One of the worst things about multiple sclerosis is that you effectively become an old person, almost overnight. The day before you are diagnosed you are a young person with a bit of an undefined problem; the day after diagnosis you are an old man or woman, risk averse and anxious, obsessed with every pain in your body.
This week I have discovered it’s the same with backache.
For those people who don’t have it backache is a bit of a joke. It is the condition of the work-shy and the lazy.
But not so. Or, at least, not always so. Just because you can’t see the protruding disc or the torn muscle or the worn joint doesn’t mean it doesn’t hurt. A lot.
My lower back pain came on mysteriously two days ago. I made a cup of tea, I got a touch of backache, then I locked up in a spasm that made me crumple at the waist and slump to my knees, from which position it was almost impossible to get up. I was lucky to have been felled near to solid furniture, or I would be there still!
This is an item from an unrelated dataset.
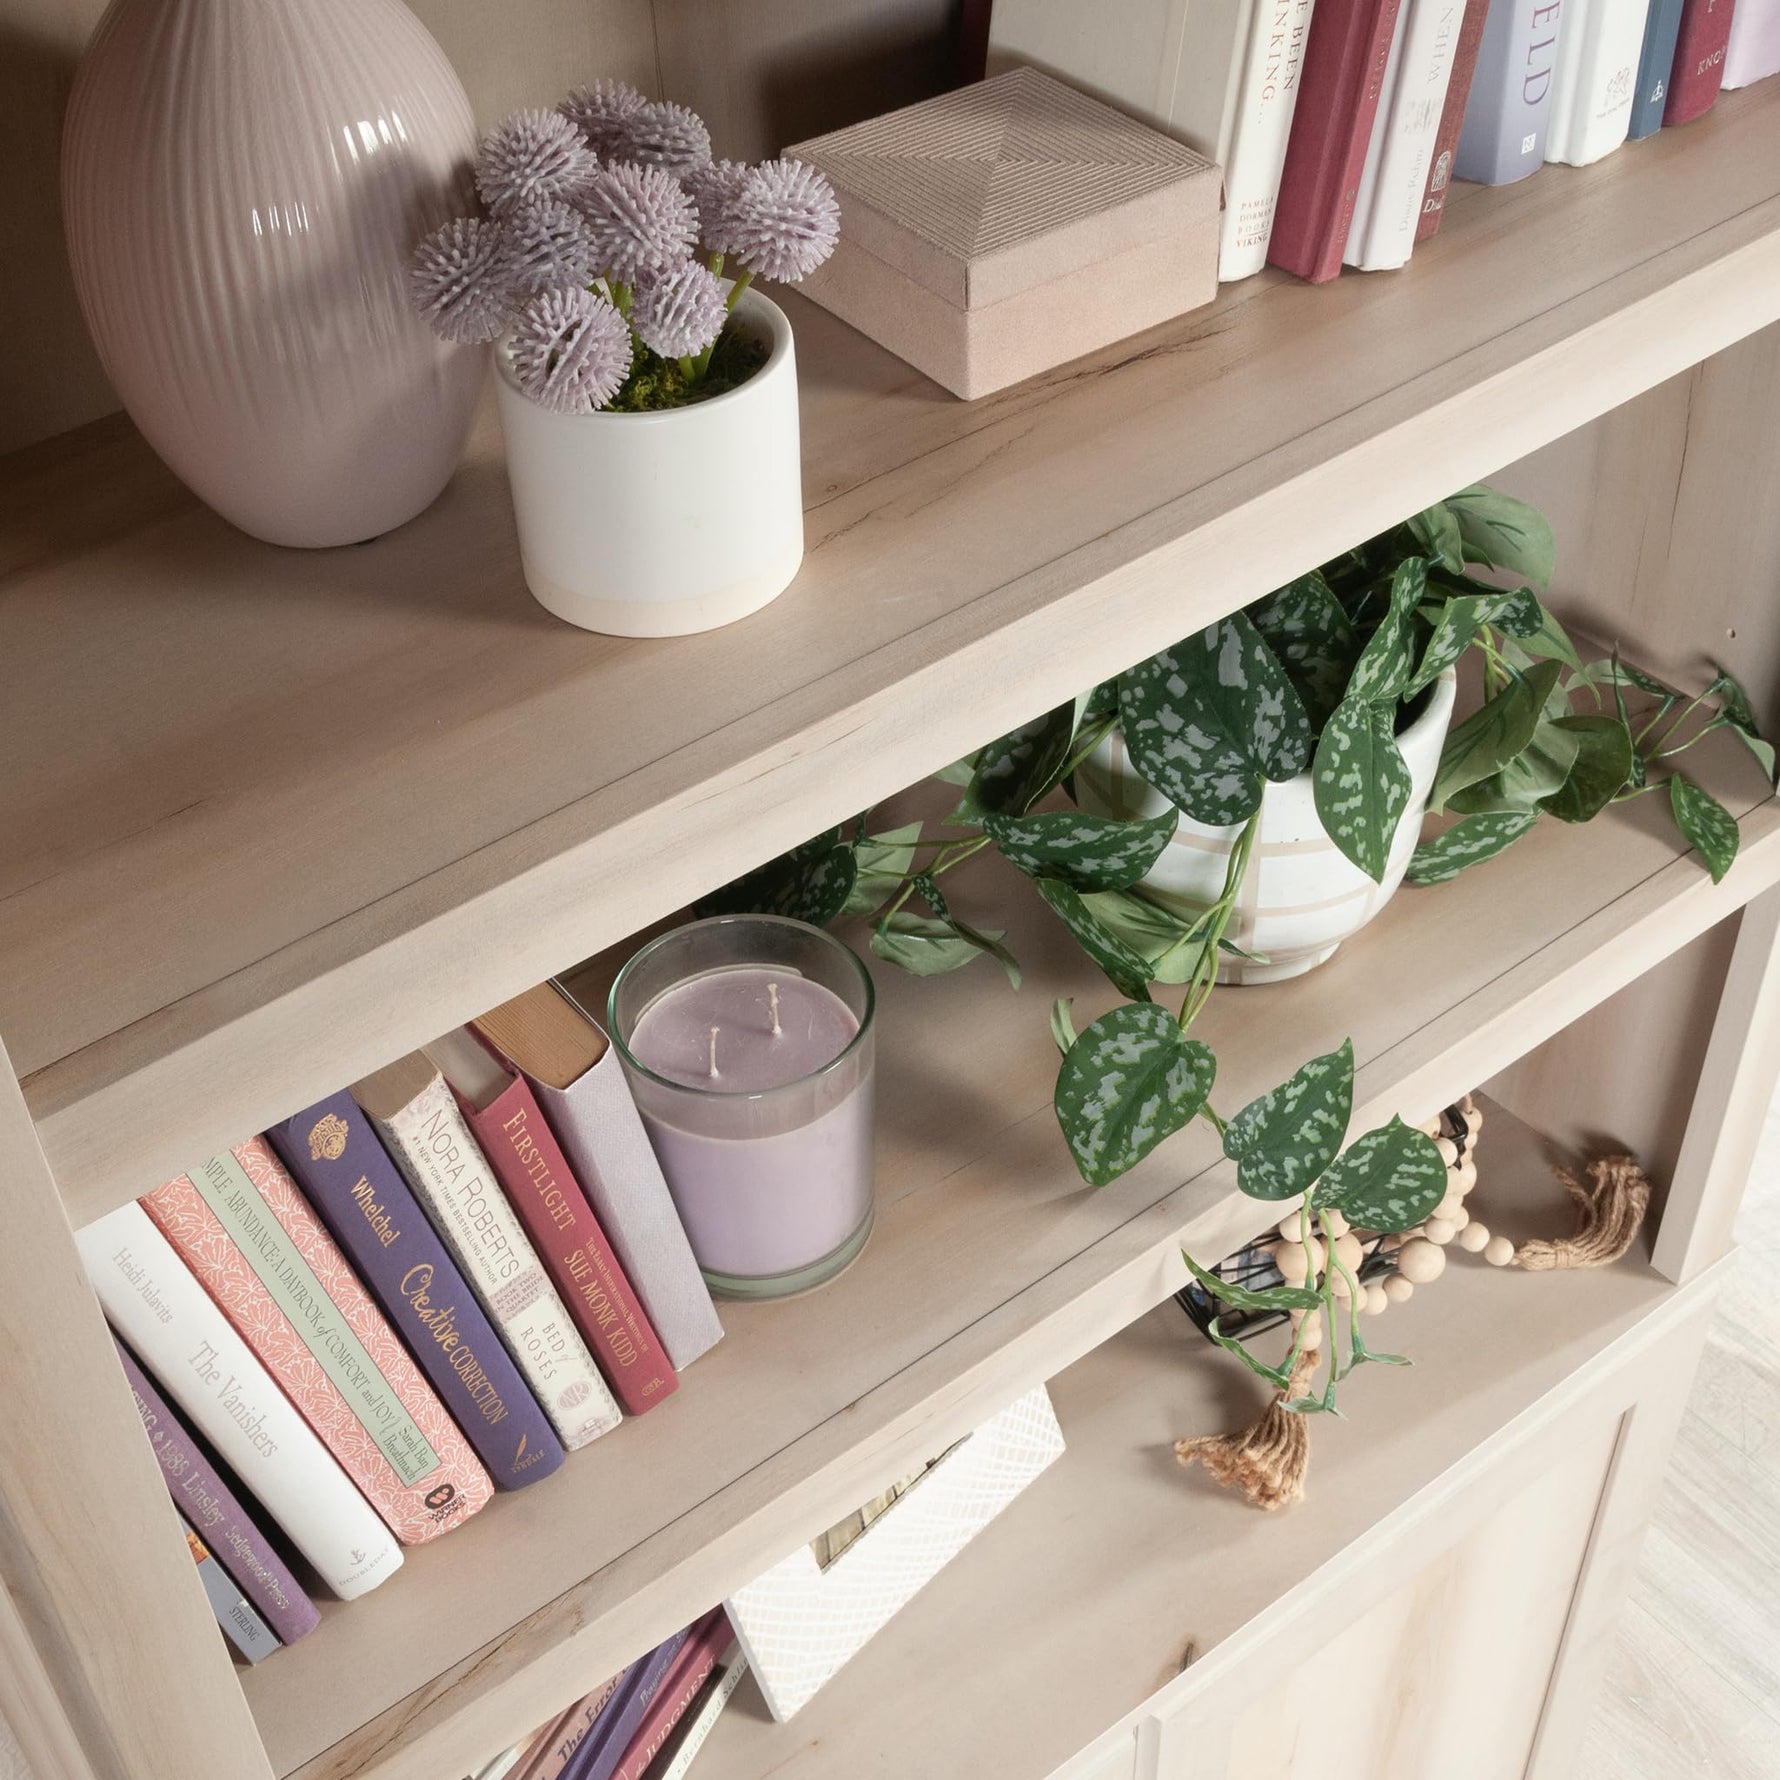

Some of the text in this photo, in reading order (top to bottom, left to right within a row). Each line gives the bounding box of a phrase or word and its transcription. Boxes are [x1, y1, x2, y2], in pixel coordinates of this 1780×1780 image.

So now my body is feeling about 90 years old, what with the havoc wrought by MS and a seriously bad back. A left hook to the head followed by a right jab in the kidneys. I’m against the ropes, but not quite on the floor
It is too early for the referee to start counting me out. But the temptation to give up and fall to the floor is really strong. Just to shut my eyes. There doesn’t seem to be much point in struggling to my feet, only to be thumped again.
But it’s not as simple as that, is it? If I give up now I might not get up again. Lack of movement will lead to muscle wastage. Muscle wastage will lead to the wheelchair, sure as eggs is eggs.
A friend of mine – a writer, actor, director and musician of considerable talent, died last week. He had a particularly cruel and aggressive form of MS, and it makes me sad and grateful that mine is, to an extent, under control. The death of a friend and the collapse of my back remind me of the tightrope I’m walking
I’m aware that I’m mixing my metaphors here. Is life a boxing match, or a high wire act? It is both. Boxing, or acrobatics, on the edge of a soup plate is no fun. It’s important not to shut my eyes. If I give up the slide into the soup is inevitable.
For all the positive thinking and cheerful acceptance, I still hope my back gets better. At least enough to keep typing!